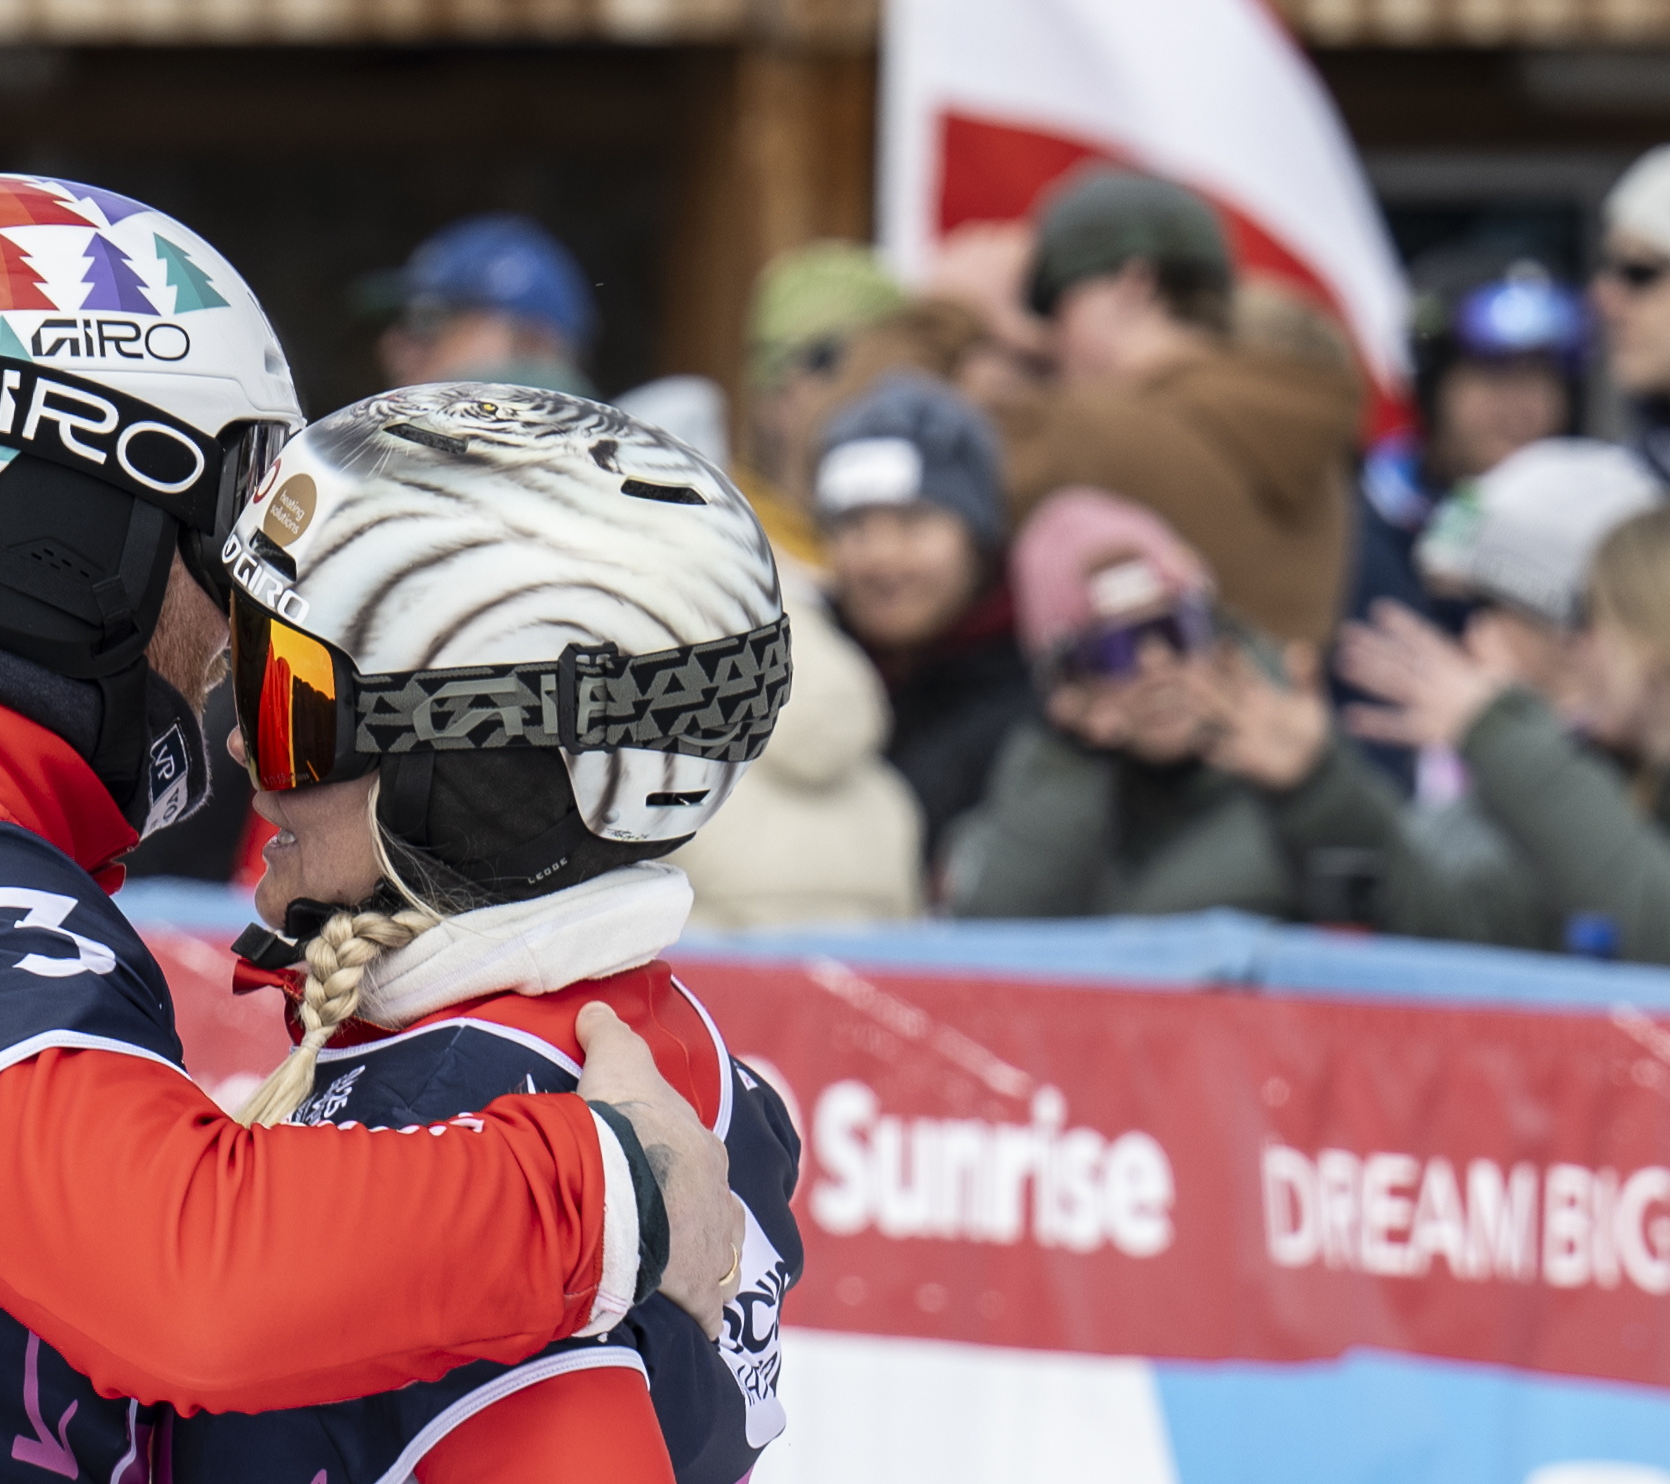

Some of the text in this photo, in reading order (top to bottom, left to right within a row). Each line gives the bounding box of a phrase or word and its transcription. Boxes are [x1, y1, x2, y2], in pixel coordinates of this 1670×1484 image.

[31, 319, 191, 361] GIRO
[269, 504, 301, 535] solutions
[279, 490, 305, 521] heating
[233, 551, 311, 627] GIRO
[810, 1080, 1176, 1258] Sunrise
[1261, 1141, 1539, 1286] DREAM
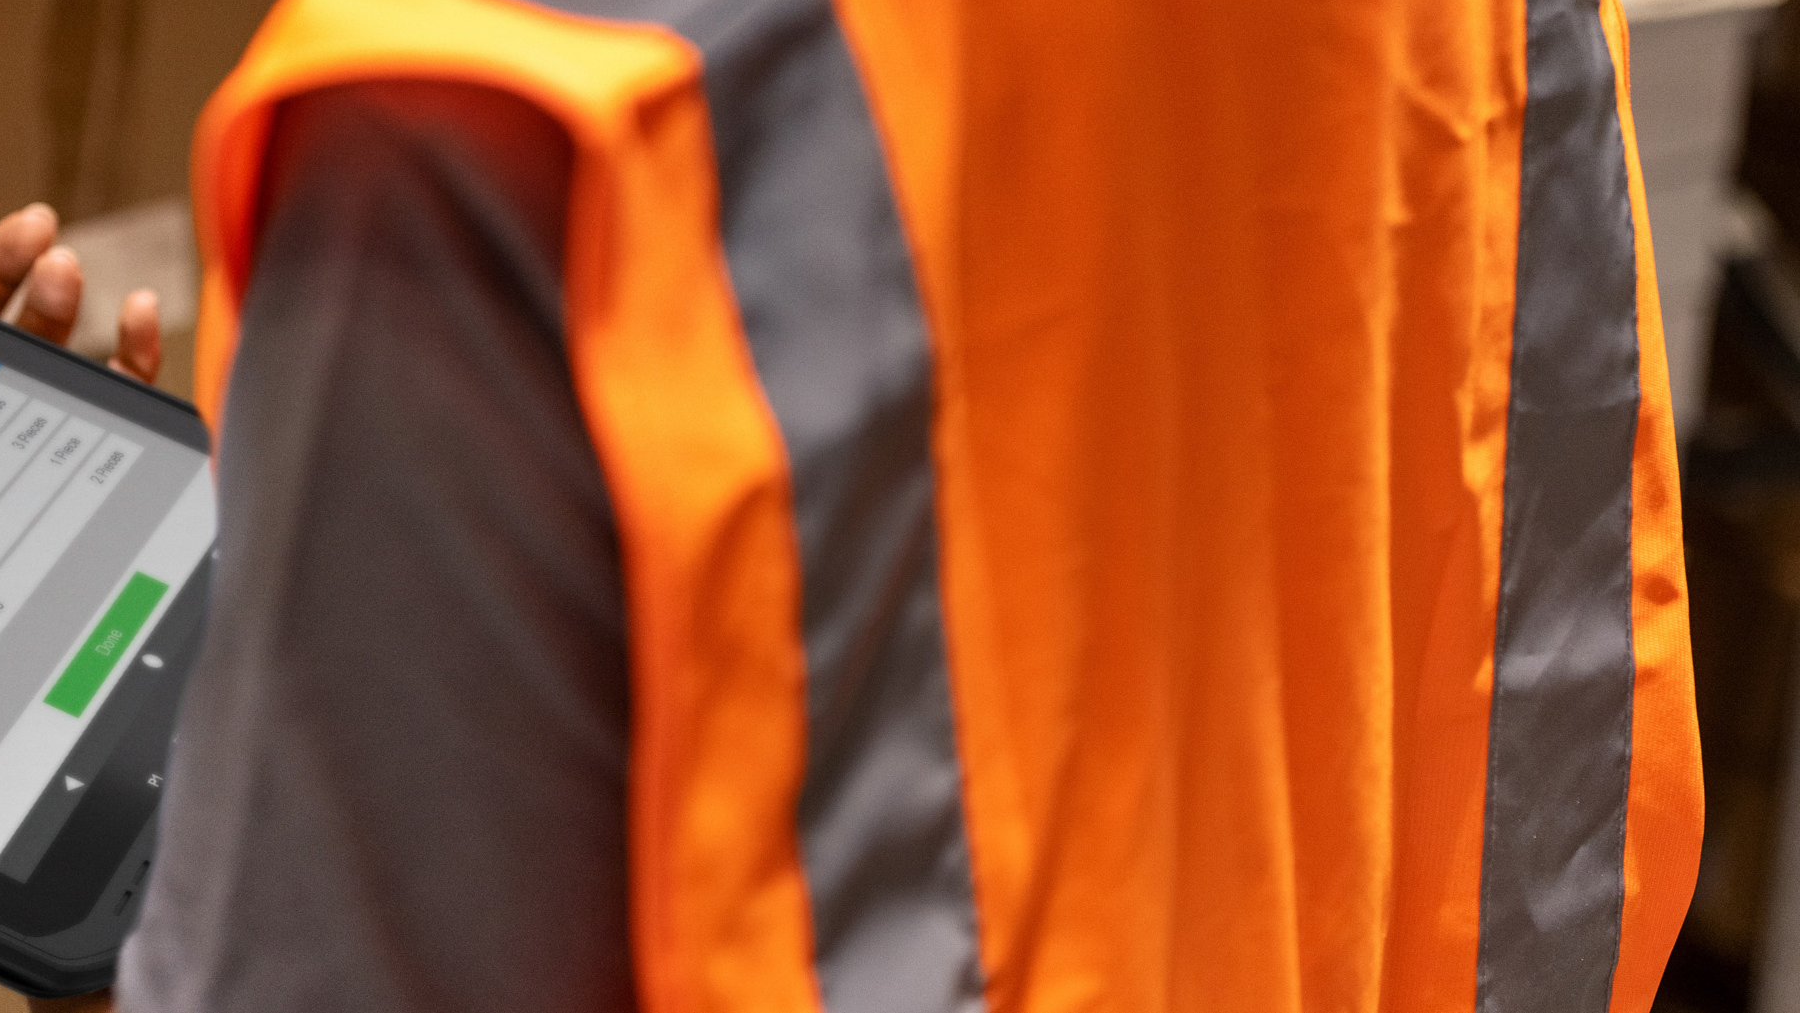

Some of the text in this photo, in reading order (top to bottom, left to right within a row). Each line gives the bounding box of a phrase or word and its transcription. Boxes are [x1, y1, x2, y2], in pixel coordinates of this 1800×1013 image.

[11, 416, 48, 451] 3 Pieces
[55, 437, 81, 462] Piece
[90, 450, 125, 485] 2 Pieces
[94, 629, 123, 657] Done
[148, 773, 163, 788] P1

__ACTION ITEM__:
All of the data must be repeated exactly, except for the pictures.

__OUTPUT BELOW__:
Some of the text in this photo, in reading order (top to bottom, left to right within a row). Each line gives the bounding box of a phrase or word and its transcription. Boxes are [x1, y1, x2, y2], in pixel coordinates of this 1670×1484 image.

[31, 319, 191, 361] GIRO
[269, 504, 301, 535] solutions
[279, 490, 305, 521] heating
[233, 551, 311, 627] GIRO
[810, 1080, 1176, 1258] Sunrise
[1261, 1141, 1539, 1286] DREAM

Some of the text in this photo, in reading order (top to bottom, left to right within a row). Each line gives the bounding box of a phrase or word and its transcription. Boxes are [x1, y1, x2, y2], in pixel coordinates of this 1800×1013 image.

[11, 416, 48, 451] 3 Pieces
[55, 437, 81, 462] Piece
[90, 450, 125, 485] 2 Pieces
[94, 629, 123, 657] Done
[148, 773, 163, 788] P1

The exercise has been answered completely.